Sharding
Sharding is the right solution to the right problem. Before committing to it, verify whether the problem actually exists.
Why sharding was on the table#
In the estimation phase, we calculated storage requirements assuming all paste data — content and metadata — lives in Postgres:
Total pastes (10 years): 3.65B
Per paste: ~10KB (content) + ~100 bytes (metadata) ≈ 10KB
Raw storage: 3.65B × 10KB = 36.5TB
With replication (3×): ~110TB
With index overhead: ~150TB
A single Postgres machine handles ~10TB practically. At 150TB, sharding was listed as a hard requirement in the NFR.
The NFR file stated: sharding required — 150TB exceeds single-machine limit.
Rejecting sharding on traffic grounds first#
Before even touching storage, check whether read or write QPS demands sharding.
Peak write QPS: 30 writes/sec
Peak read QPS: 3,000 reads/sec
Single Postgres primary: 10,000–50,000 reads/sec capacity
Single Postgres primary: 1,000–5,000 writes/sec capacity
QPS thresholds from back-of-envelope reference:
Read QPS > 10k → caching required
Read QPS > 100k → DB sharding required
Write QPS > 1k → write batching or async queue
Write QPS > 10k → shard primaries
Our peak read QPS is 3,000 — well under the 10k threshold where even caching becomes necessary (and we're adding caching anyway for latency, not throughput). Our peak write QPS is 30 — orders of magnitude below the 1k threshold.

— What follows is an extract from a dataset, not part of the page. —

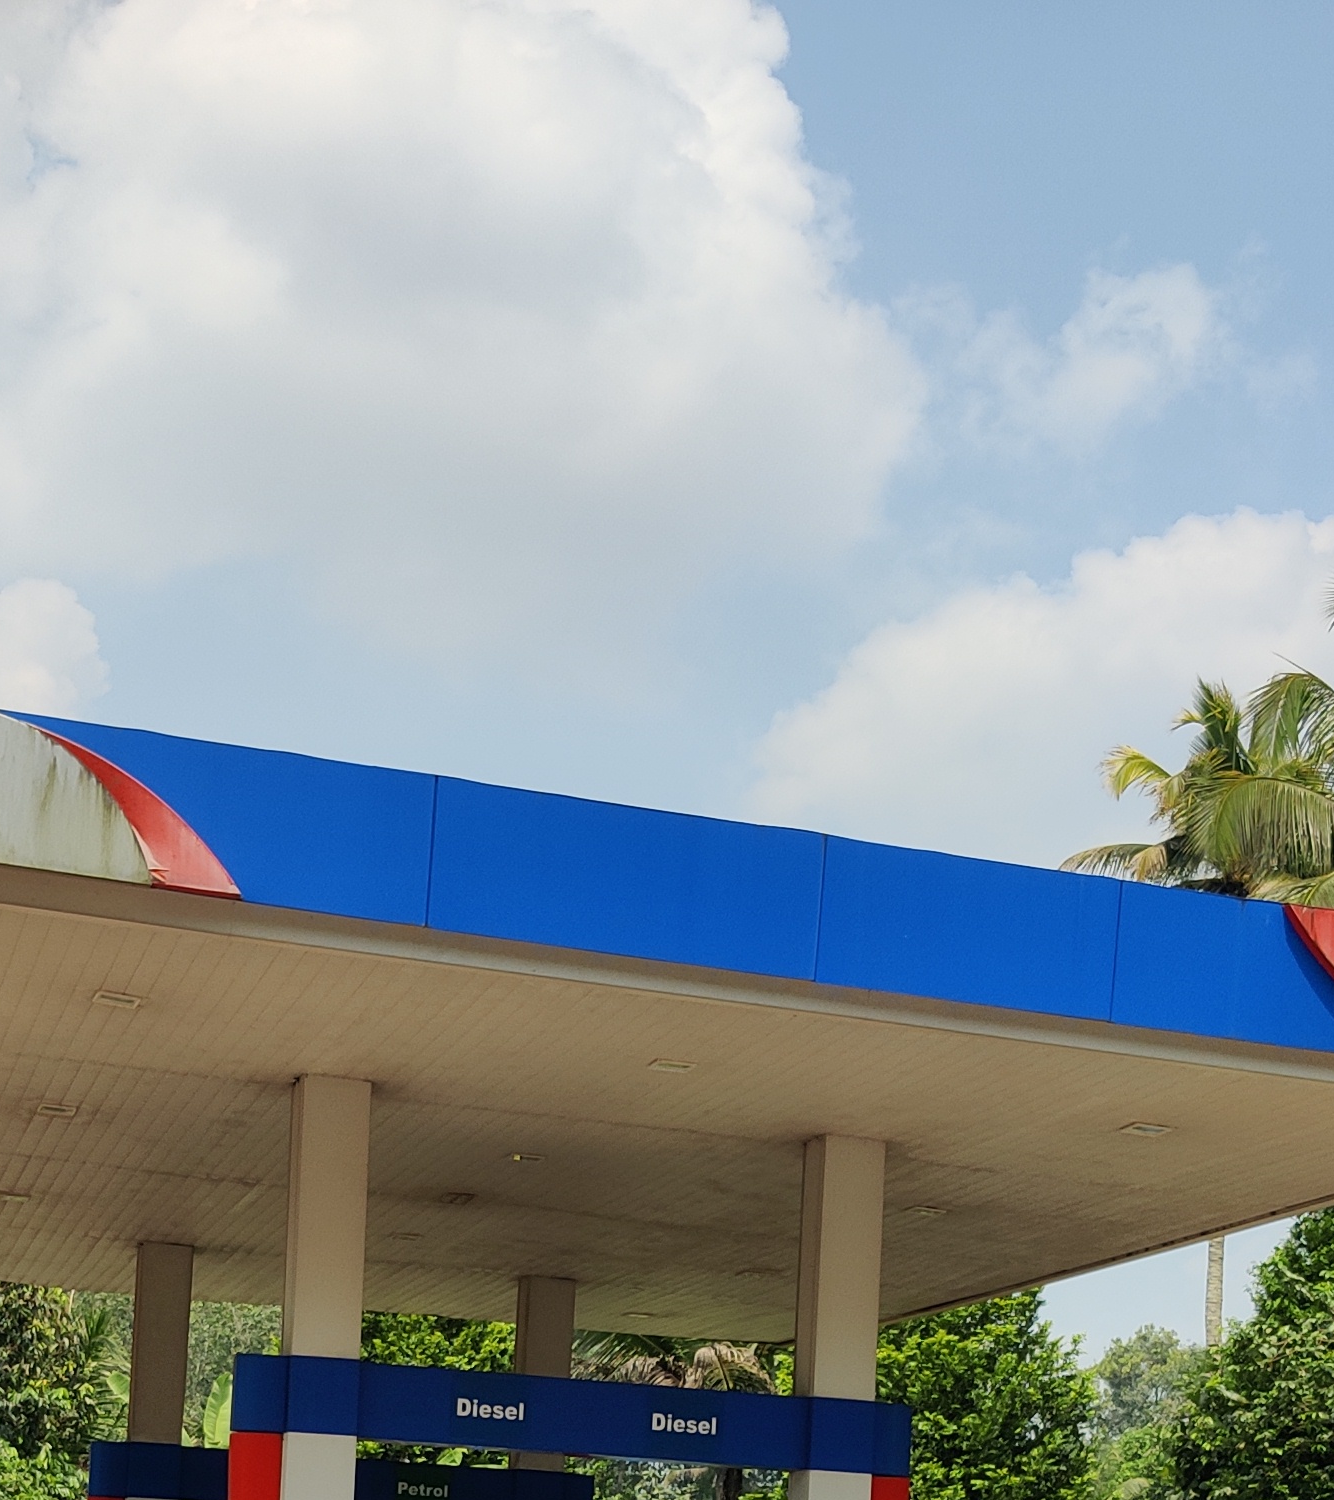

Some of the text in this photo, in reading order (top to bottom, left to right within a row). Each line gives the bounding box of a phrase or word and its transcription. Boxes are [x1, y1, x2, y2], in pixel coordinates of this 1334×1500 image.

[456, 1398, 717, 1436] Diesel Diesel
[397, 1481, 449, 1498] Petrol

Traffic alone does not require sharding. A single Postgres primary handles our load with significant headroom.
Rejecting sharding on storage grounds — the S3 correction#
The original 150TB estimate was wrong because it assumed paste content lives in Postgres. But in our DB design, we offload all content to S3 and store only a pointer in Postgres.
What actually lives in Postgres per paste:
short_code: ~8 bytes
user_id: 8 bytes (bigint)
content_hash: 32 bytes (SHA-256)
s3_url: ~100 bytes
created_at: 8 bytes
expires_at: 8 bytes
deleted_at: 8 bytes (nullable)
ref_count: 4 bytes
Total per row: ~180 bytes → round to ~200 bytes
Recalculating Postgres storage:
Total pastes (10 years): 3.65B rows
Per row (metadata only): ~200 bytes
Raw storage: 3.65B × 200 bytes = 730GB ≈ 0.73TB
With replication (3×): 0.73 × 3 = ~2.2TB
With index overhead (1.3×): ~2.9TB
→ ~3TB in Postgres
A single Postgres machine handles 10TB comfortably. 3TB is well within single-machine territory.
S3 stores the content:
S3 is object storage designed for petabytes. 36.5TB is routine. No sharding, no special configuration — S3 handles this natively.
The verdict#
Original estimate Corrected estimate
Postgres storage: 150TB ~3TB
Sharding needed? Yes No
Why the difference:
Original assumed content (10KB) in Postgres
Corrected moves content to S3, Postgres stores only metadata (~200 bytes)
Storage drops by 50×
The decision to offload content to S3 didn't just reduce latency and improve DB performance — it eliminated the sharding requirement entirely. Architecture decisions compound: one good call (S3 for blobs) removed a significant operational burden (shard key selection, consistent hashing, cross-shard queries).
Sharding remains the right answer if Postgres storage approaches 10TB. At ~3TB with 10 years of data, we have headroom and no need to introduce the operational complexity of a sharded setup.
Interview framing
"We initially flagged sharding as required — 150TB exceeds the single-machine limit. But that assumed content lives in Postgres. Once we moved content to S3, Postgres only stores metadata at ~200 bytes per row. 3.65B rows × 200 bytes = ~3TB with replication — well under the 10TB single-machine limit. Traffic doesn't require sharding either: 3k peak reads/sec and 30 peak writes/sec are handled by a single primary with headroom. Sharding is off the table."